Snow illuminated the park and you wanted to die. That winter

you slept with a saucer of water under your bed. Every night. Woke up to find nothing

but the off-white-stare of the empty cup. Spelled out your fantasies on my upturned

palms. They were dirty. Unsayable. Between us ran a long line of insomniacs

and addicts. Bad habits. Missing history we wanted to piece back together. Stitch it

like an heirloom displayed behind a glass vetrine. We looked for signs in cards and tea.

In the language our muscles made at night. The nearness of stars, in songs.

As the storm hit, reaching past our hips you read Russian novels to feel less morose. [End Page 404]

Said you loved the word 'morose' more than me. Locked yourself behind your grin-wrinkled face

which you believed looked like a foreign town pillaged years ago. Curtainless. Flags at half-staff.

When the lights finally went out, you tried your hardest covering all of this up with your hands.

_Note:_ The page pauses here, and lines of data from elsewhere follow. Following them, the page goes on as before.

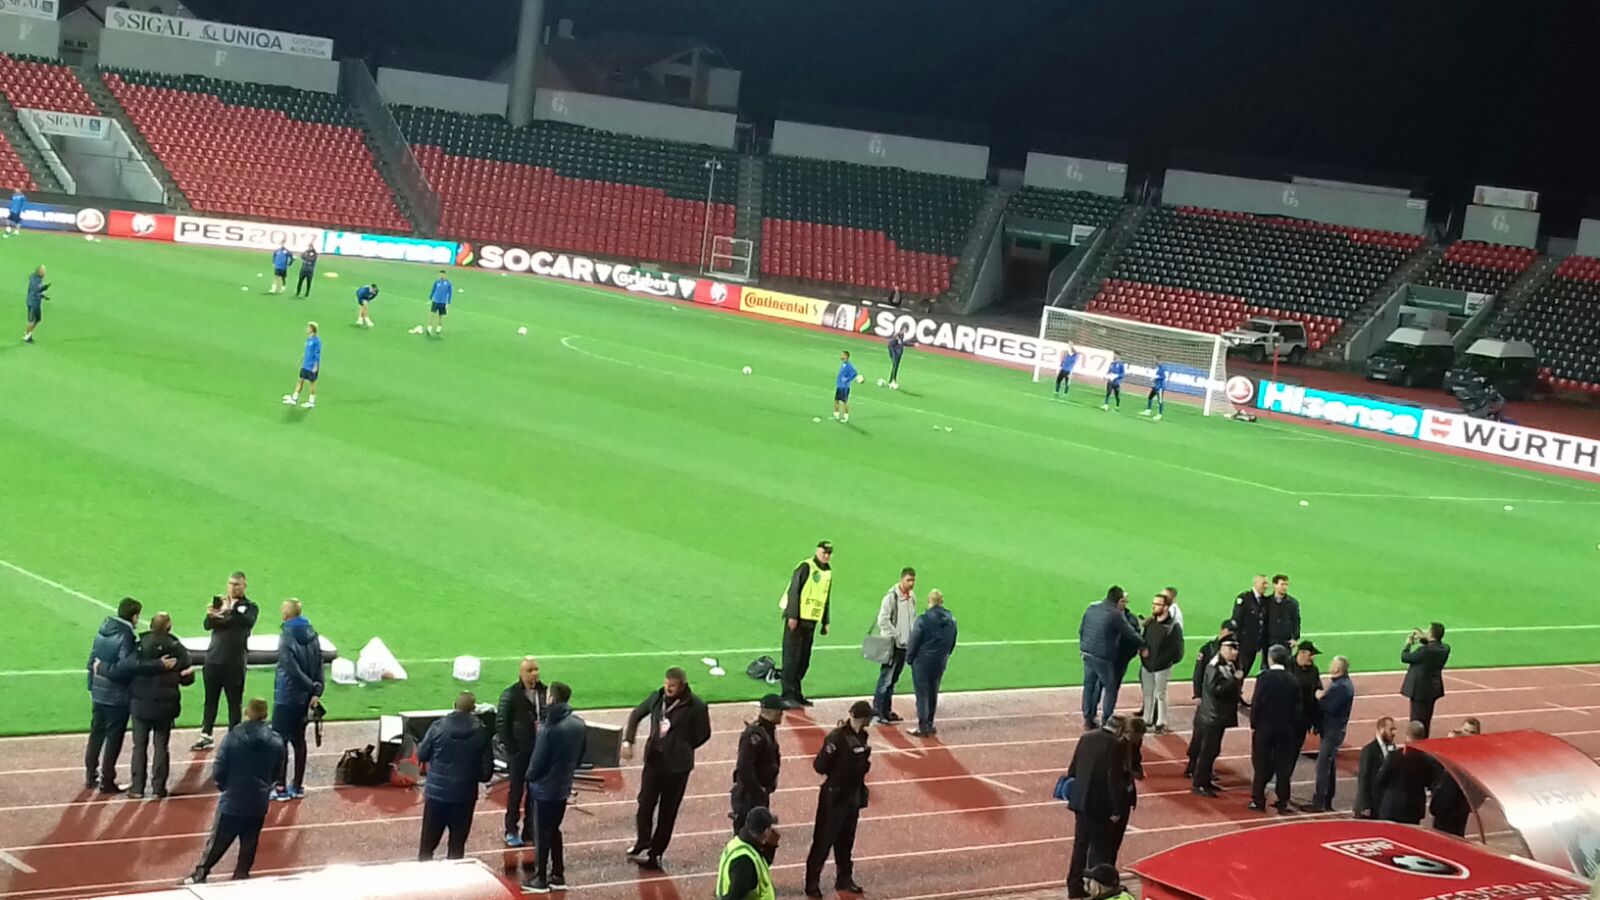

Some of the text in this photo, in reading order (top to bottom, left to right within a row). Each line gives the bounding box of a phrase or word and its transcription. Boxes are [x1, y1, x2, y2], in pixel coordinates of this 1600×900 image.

[18, 23, 32, 40] F
[126, 14, 282, 51] SIGAL UNIQA
[215, 50, 227, 66] F
[290, 45, 326, 57] AUSTRIA
[46, 113, 86, 128] SIGAL
[180, 220, 318, 248] PES 2017
[325, 230, 452, 265] Hisense
[478, 245, 594, 284] SOCAR
[612, 264, 677, 296] Carlsberg
[744, 292, 809, 315] Continental
[873, 311, 977, 353] SOCAR
[979, 333, 1037, 361] PES
[1040, 344, 1107, 372] 217
[1264, 380, 1419, 437] Hisense
[1463, 420, 1598, 469] WÜRTH

My voice was the only thing keeping us warm. [End Page 405]

Eduardo Martínez-Leyva

Eduardo Martínez-Leyva was born in El Paso, Texas, to Mexican immigrants. His work has appeared in Poetry, the Boston Review, the Adroit Journal, Best New Poets, and elsewhere. His debut poetry collection, Cowboy Park, won the 2024 Felix Pollak Prize in Poetry and is forthcoming from the University of Wisconsin Press.

Copyright © 2024 The University of the South ...

以下是内容的简要摘录,以代替摘要: 小恶习 爱德华多-马丁内斯-莱瓦(简历 大雪照亮了公园,你想死。那个冬天,你在床下放了一碟水睡觉。每天晚上一觉醒来,发现除了空空如也的杯子,什么也没有。在我翻转的手掌上写下你的幻想它们很脏难以启齿我们之间有一长串失眠者和瘾君子坏习惯我们想把缺失的历史拼凑起来把它缝合起来,就像摆在玻璃橱窗后面的传家宝。我们在卡片和茶中寻找蛛丝马迹。在夜晚我们肌肉所发出的语言中在歌声中寻找星星的踪迹当暴风雨来临时,你读着俄罗斯小说,感觉不那么悲观了。[你说你比我更喜欢 "沮丧 "这个词。你把自己锁在满是皱纹的脸上,你认为那张脸就像多年前被掠夺的外国小镇。没有窗帘。半旗。当灯终于熄灭时,你拼命用手掩盖这一切。我的声音是唯一让我们感到温暖的东西。[爱德华多-马丁内斯-莱瓦 爱德华多-马丁内斯-莱瓦出生于得克萨斯州埃尔帕索,父亲是墨西哥移民。他的作品散见于《诗刊》、《波士顿评论》、《Adroit Journal》、《最佳新诗人》等刊物。他的首部诗集《牛仔公园》获得了 2024 年费利克斯-波拉克诗歌奖,即将由威斯康星大学出版社出版。 版权所有 © 2024 年南方大学 ...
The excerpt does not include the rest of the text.